On Mar 14, 6:24 pm, Chad Killingsworth
<chadkillingswo...@missouristate.edu> wrote:
> It's less about bandwidth savings and more about the latency delay caused by
> individual connections - especially on a mobile device.
>
> Chad Killingsworth

Hi Chad,

Do you happen to know the cache threshold on the iPhone.  I believe
someone said it was 25K per file.  Files exceeding 25K are never
cached.  If true, Google ought to consider the following file sizes:

        59,526 {common,map,overlay}.js
        16,344 {util}.js
        19,493 {onion}.js
        50,071 {controls}.js
        21,987 {stats,marker}.js

        59,526 {common,map,overlay}.js
        35,838 {util,onion}.js
        50,071 {controls}.js
         2,905 {stats}.js
        19,081 {marker}.js

"common,map,overlay" can never be cached.  With a little bit of
redistribution of functions, each of the following could be cached.

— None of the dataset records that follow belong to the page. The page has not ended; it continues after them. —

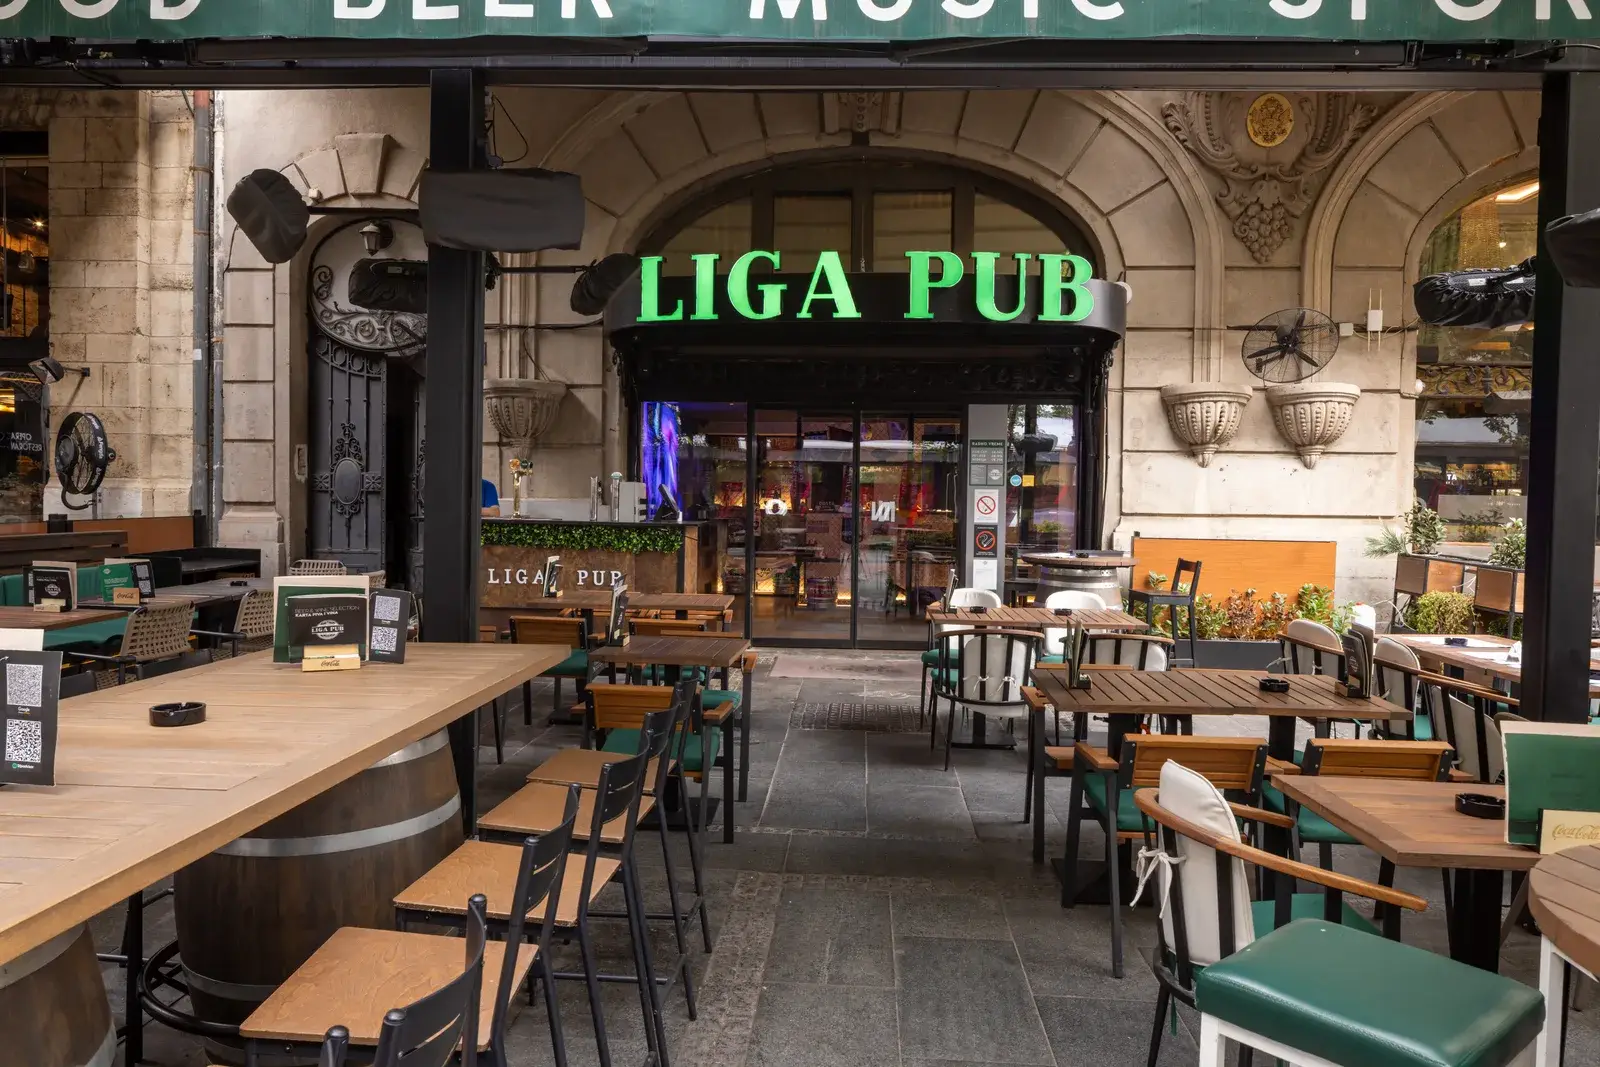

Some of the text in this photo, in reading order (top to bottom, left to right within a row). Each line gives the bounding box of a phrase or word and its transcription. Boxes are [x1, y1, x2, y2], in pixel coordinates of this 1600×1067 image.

[636, 250, 1095, 322] LIGA PUB
[488, 568, 544, 585] LIGA
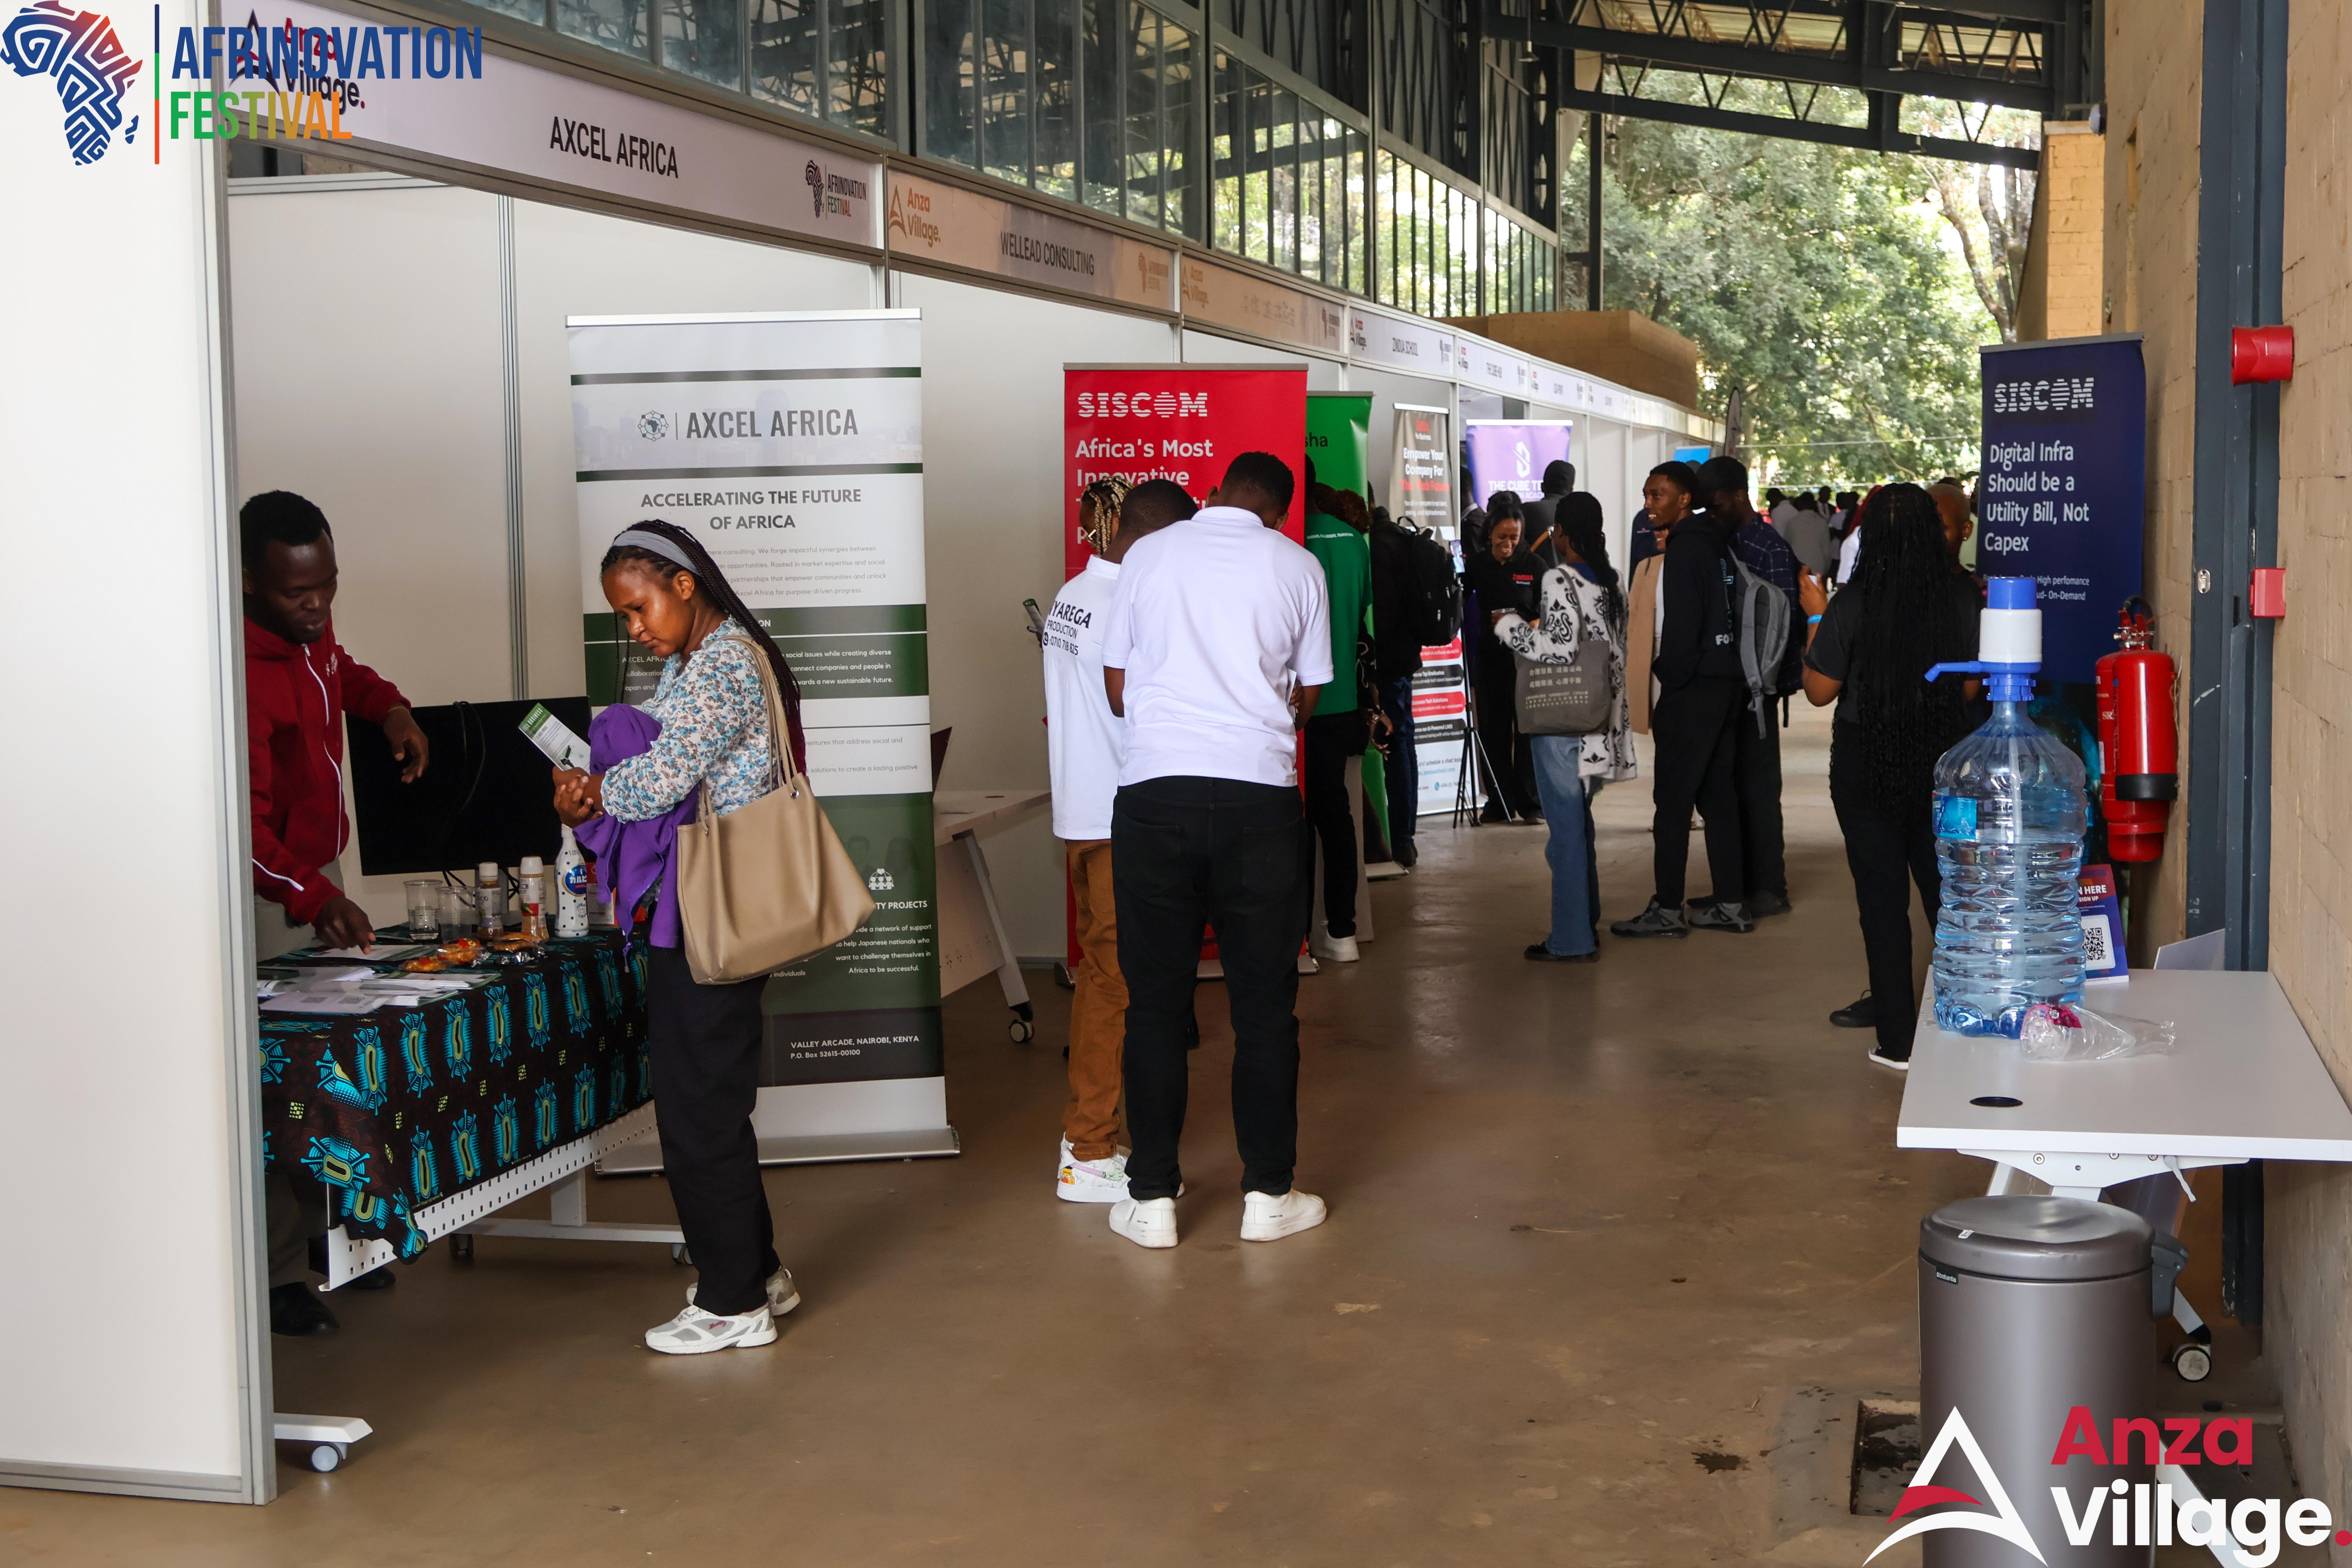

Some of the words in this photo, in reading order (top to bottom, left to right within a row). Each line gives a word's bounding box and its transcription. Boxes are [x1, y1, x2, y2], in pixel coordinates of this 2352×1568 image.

[550, 116, 611, 162] AXCEL
[616, 133, 679, 179] AFRICA
[828, 174, 866, 201] AFRINOVATION
[828, 195, 851, 217] FESTIVAL
[907, 187, 930, 213] Anza
[907, 213, 941, 248] Village.
[1000, 231, 1042, 263] WELLEAD
[1044, 242, 1094, 276] CONSULTING
[1078, 392, 1208, 418] SISCOM
[1994, 377, 2094, 413] SISCOM
[686, 411, 762, 439] AXCEL
[770, 408, 858, 437] AFRICA
[1076, 438, 1154, 458] Africa's
[1163, 439, 1214, 457] Most
[1403, 447, 1430, 462] Empower
[1430, 449, 1444, 460] Your
[1990, 441, 2035, 471] Digital
[2040, 440, 2074, 462] Infra
[1405, 464, 1432, 479] Company
[1433, 465, 1443, 476] For
[1988, 471, 2036, 493] Should
[2042, 471, 2060, 492] be
[2065, 475, 2075, 491] a
[1488, 480, 1506, 490] THE
[1508, 480, 1530, 491] CUBE
[1531, 480, 1544, 491] TE
[641, 490, 764, 507] ACCELERATING
[768, 490, 797, 505] THE
[802, 488, 861, 503] FUTURE
[710, 515, 732, 530] OF
[735, 514, 796, 529] AFRICA
[1987, 501, 2029, 526] Utility
[2033, 502, 2058, 526] Bill,
[2063, 502, 2089, 523] Not
[1985, 532, 2029, 556] Capex
[730, 575, 769, 584] partnerships
[2048, 590, 2086, 601] On-Demand
[1047, 620, 1078, 639] PRODUCTION
[2084, 885, 2107, 895] HERE
[888, 900, 928, 909] PROJECTS
[822, 1039, 855, 1047] ARCADE,
[857, 1037, 891, 1045] NAIROBI,
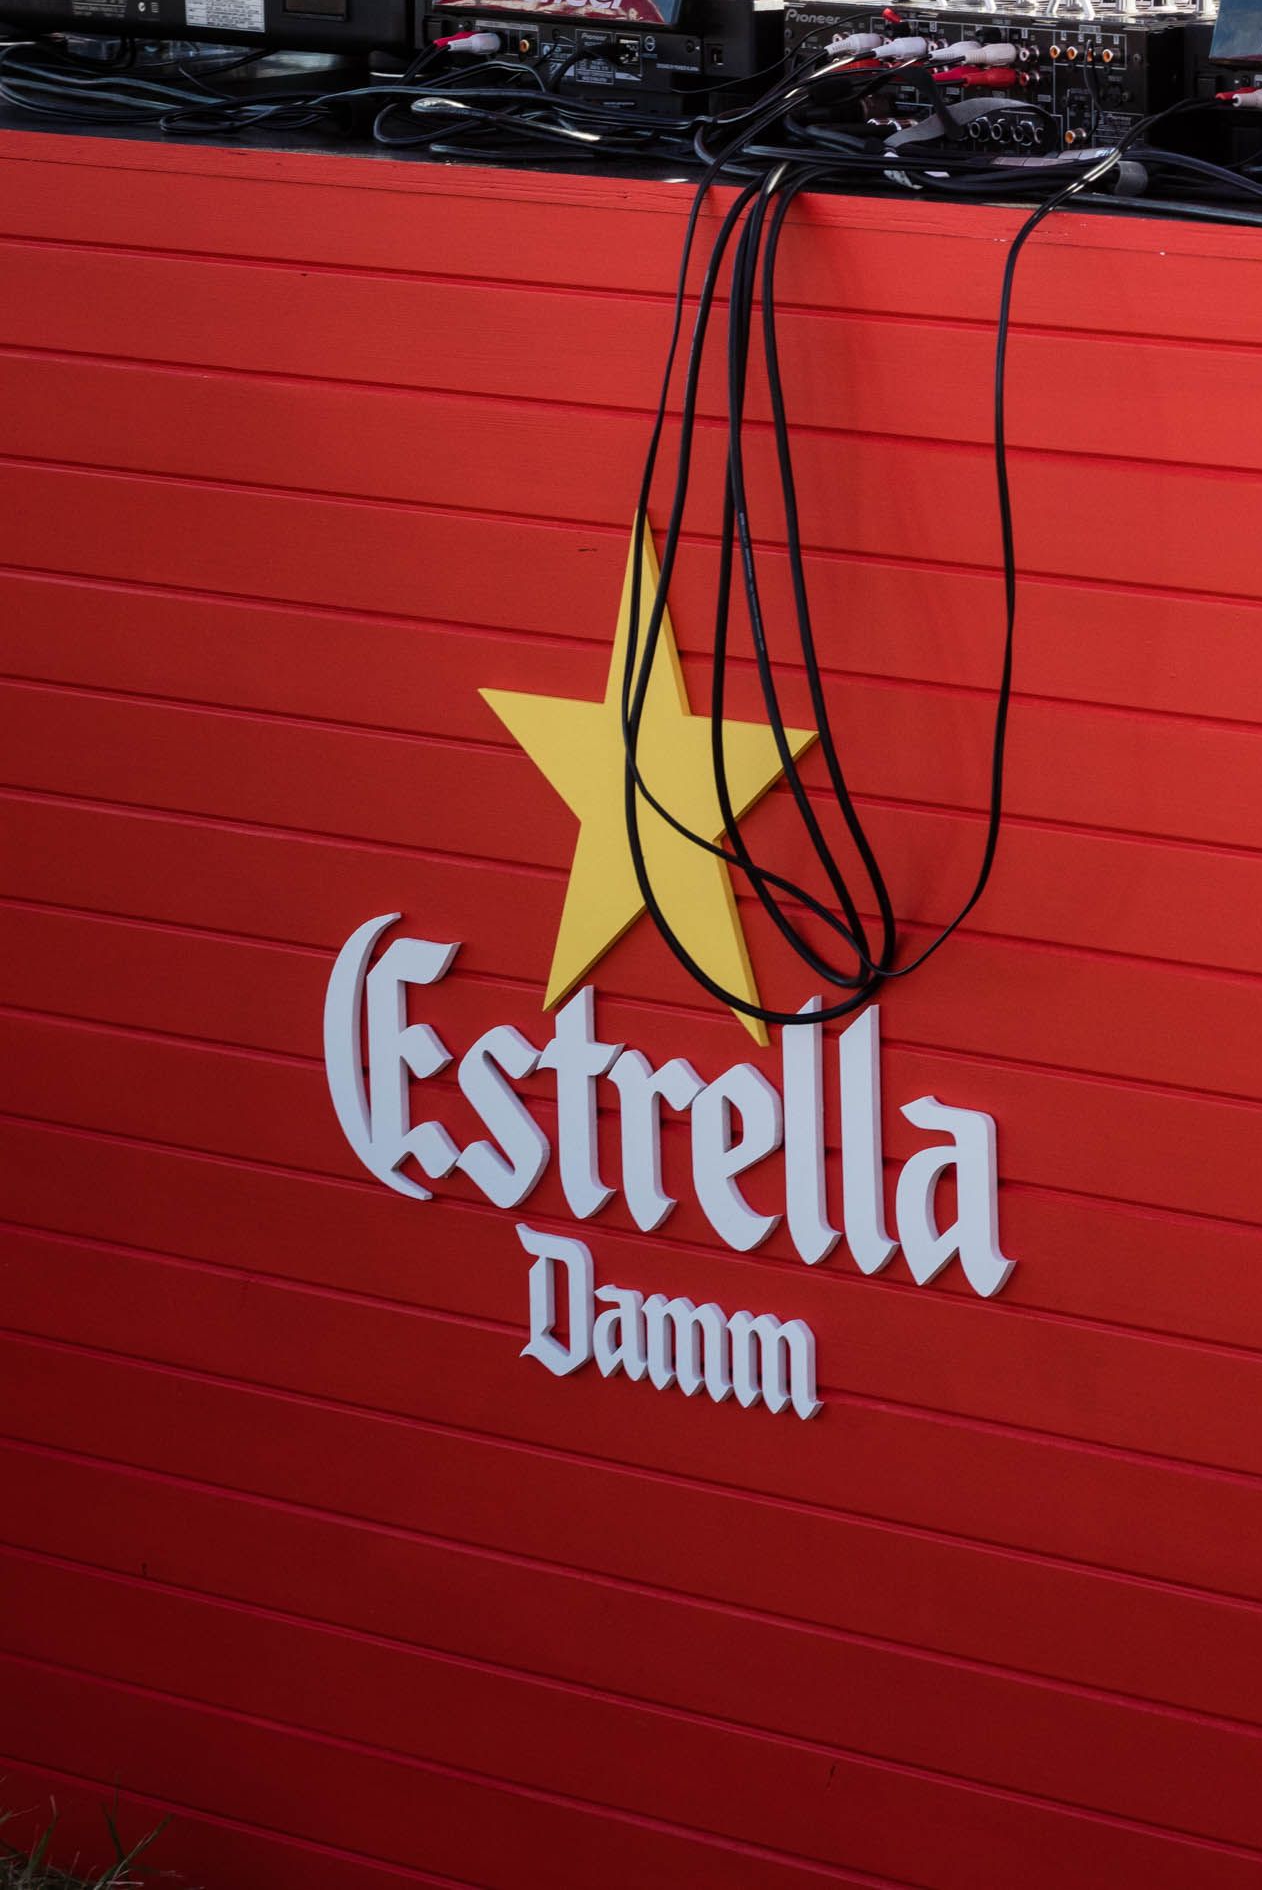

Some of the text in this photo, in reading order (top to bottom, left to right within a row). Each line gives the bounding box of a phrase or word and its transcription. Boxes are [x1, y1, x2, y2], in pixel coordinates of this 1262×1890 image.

        31,689 {common}.js
        26,416 {map}.js
         1,419 {overlay}.js

Similarly, "util,onion" is too large but the individual files are
fine.  What about "onion,util" ?  It is not the same file but the two
are interchangeable.  Clearly, the names are not being sorted.
Otherwise, "util,onion" would be "onion,util" & "stats,marker" would
be "marker,stats".

Google ought to offer an option:

    &files=combined
    &files=separate

Usage could determine which was popular with developers.  I would
always choose "separate".  I suspect others would also.